In The Stones of Venice, John Ruskin decries the ways the modern world is destroying the fragile particularity that is Venice. His biggest worries? Train travel and classical arches. God only knows what he would he make of Aqualta 2060, a proposal presented at the 2010 biennale to ring Venice with skyscrapers.
In Salvatore Settis’s newly translated If Venice Dies, Acqualta 2060 represents the ultimate debasement of a human-scale city by a global economic system that reduces everything, even history, to a commodity. Though only ever a pie-in-the-sky proposal, Acqualta 2060 is a powerful metaphor for Settis’s larger argument. The project, Settis argues, reduces Venice to a series expensive views designed to profit real estate speculators. The historic city—animated by the daily use of it citizens for a thousand years—would be reduced to a shell.
(Courtesy New Vessel Press)
A City Without a People
If you’ve been to Venice lately, you know the hollowing out of the city is already well underway. For Settis—an archeologist, art historian and former director of the Getty Research Institute—the imminent danger to Venice is not rising sea levels (though, of course, he acknowledges this as a very serious concern). Much more urgent is the threat that it will drown in the oblivion of a “tourist monoculture”:
Oblivion doesn’t simply mean forgetting one’s own history, or developing a morbid addiction to beauty, which is experienced as though it were a lifeless ornament that should console us. It primarily means forgetting something essential: the specific role that a city plays in comparison to others, its uniqueness, and its diversity, virtues that Venice possesses more than any other city in the world.
Settis gazes unflinchingly at the towering cruise ships that turn Venice into a fleeting spectacle for paying guests, while literally weakening its ancient foundations. And to make vivid in our imagination a Venice without actual Venetians, he takes us on an unsavory tour of Venetian-style simulacrums around the world, from Las Vegas to Chongqing—even a proposal for a theme-park style replica of Venice within (most ironically of all) Venice itself.
A Vitruvian Oath
For Settis, Venice is a vivid case study for a process engulfing historic centers everywhere, and he challenges architects everywhere to stop participating in the accelerating commodification of urban life. In particular, he excoriates the way architects and their clients use purely aesthetic arguments to “mask the cynicism of the financial wheeling and dealing and real estate speculation that triggered them in the first place.”
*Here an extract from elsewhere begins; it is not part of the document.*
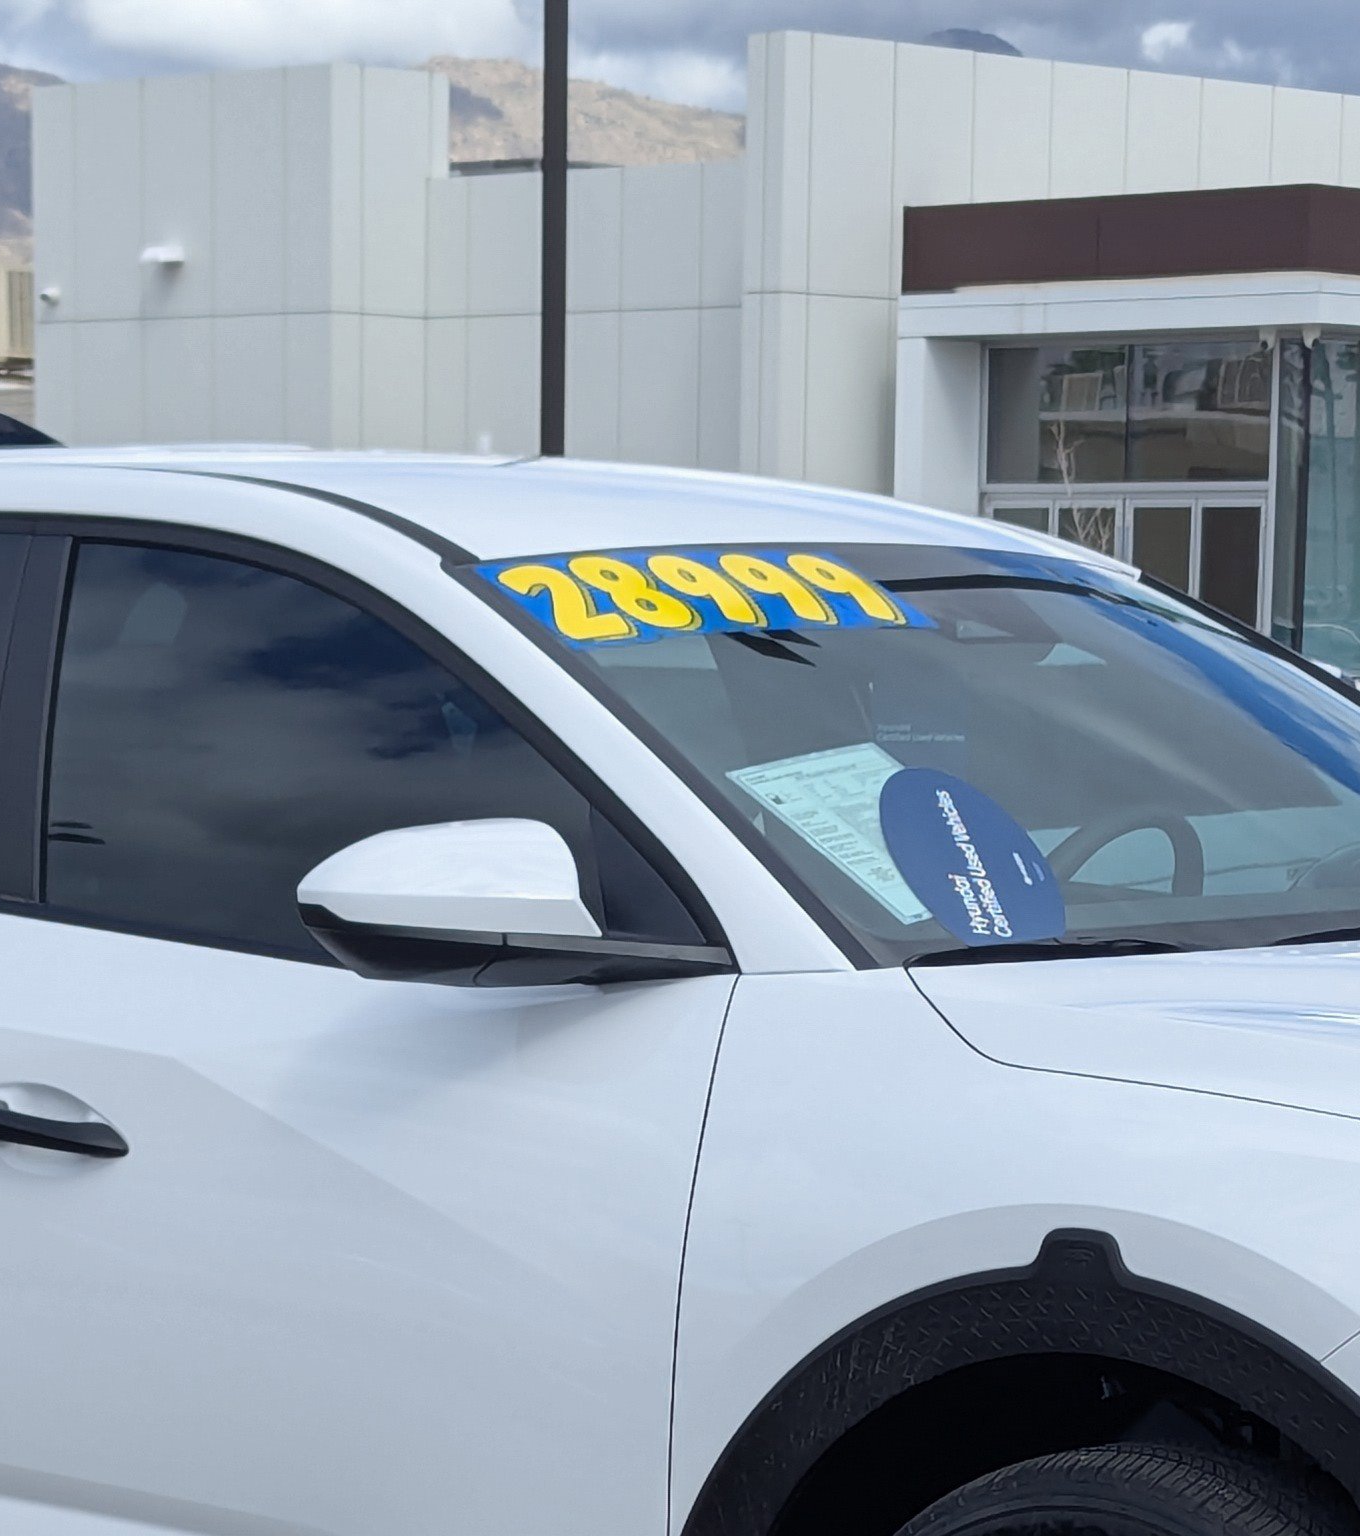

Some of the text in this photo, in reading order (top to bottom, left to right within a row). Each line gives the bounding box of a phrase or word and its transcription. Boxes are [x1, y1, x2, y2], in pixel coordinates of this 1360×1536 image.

[497, 553, 907, 642] 28999
[936, 789, 1013, 938] Certified Used Vehicles
[947, 874, 991, 935] Hyundai
As an antidote, the classically minded Settis sends his readers back to Vitruvius. Just as doctors take a Hippocratic oath, he argues, architects should take a Vitruvian oath. “No architect,” writes Settis, “should ever agree to building anything—whether it’s a bridge, a terrace, or a window—that might contribute to the death of the historic city by destroying its uniqueness.”
Cri de Coeur
At times, Settis can seem like a conservative curmudgeon, with his extravagant rhetoric and appeal to some golden past. Yet he describes the market’s familiar creep into the public domain with such vividness, and he so forcefully marks out what is stake (not just Venice but civil society itself), that by the end you can only thank him exactly for his apparent faults.
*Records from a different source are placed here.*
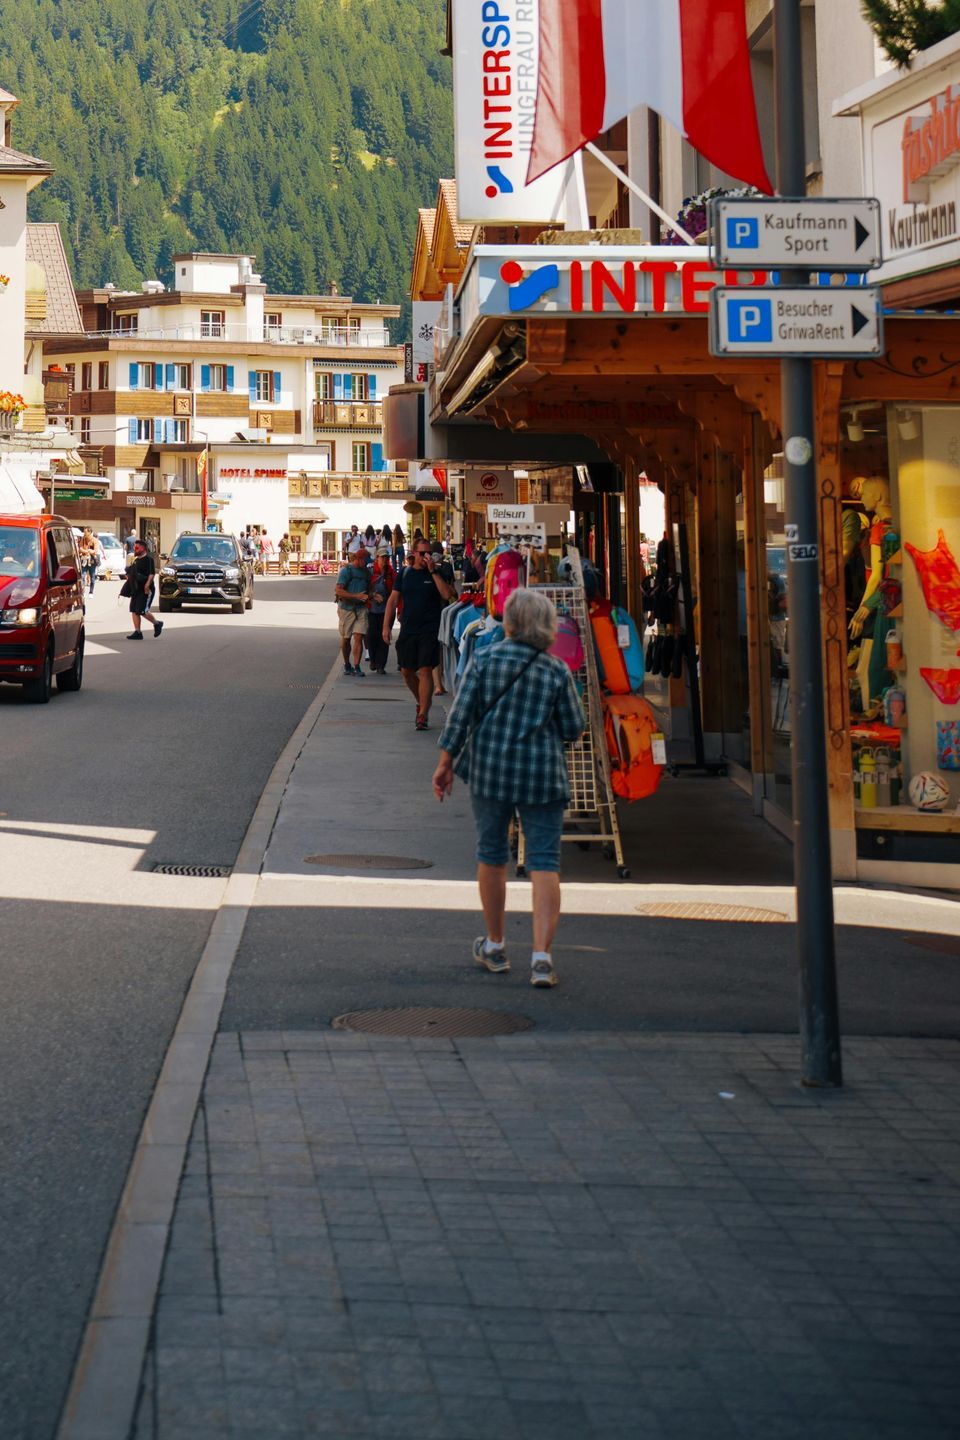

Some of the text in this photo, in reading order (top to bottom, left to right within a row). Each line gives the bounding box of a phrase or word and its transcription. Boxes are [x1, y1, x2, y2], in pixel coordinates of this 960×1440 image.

[516, 31, 538, 153] JUNGFRAU
[764, 213, 848, 230] Kaufmann
[888, 200, 957, 250] Kaufmann
[784, 235, 829, 255] Sport
[776, 300, 833, 317] Besucher
[778, 323, 845, 340] GriwaRent
[220, 468, 287, 479] HOTEL SPINNE
[126, 495, 156, 506] ESPRESSO-BAR
[492, 508, 526, 519] Belsun
If you stay with him to the last page, you find it is impossible to disagree with his conclusion that, if Venice dies, “the very idea of the city—as an open space where diversity and social life can unfold, as the supreme creation of our civilization, as a commitment to and promise of democracy—will also die with it.”
If Venice Dies, by Salvatore Settis, translated by André Naffis-Sahely, New Vessel Press, September 2016, paper, 180 pages, $16.95.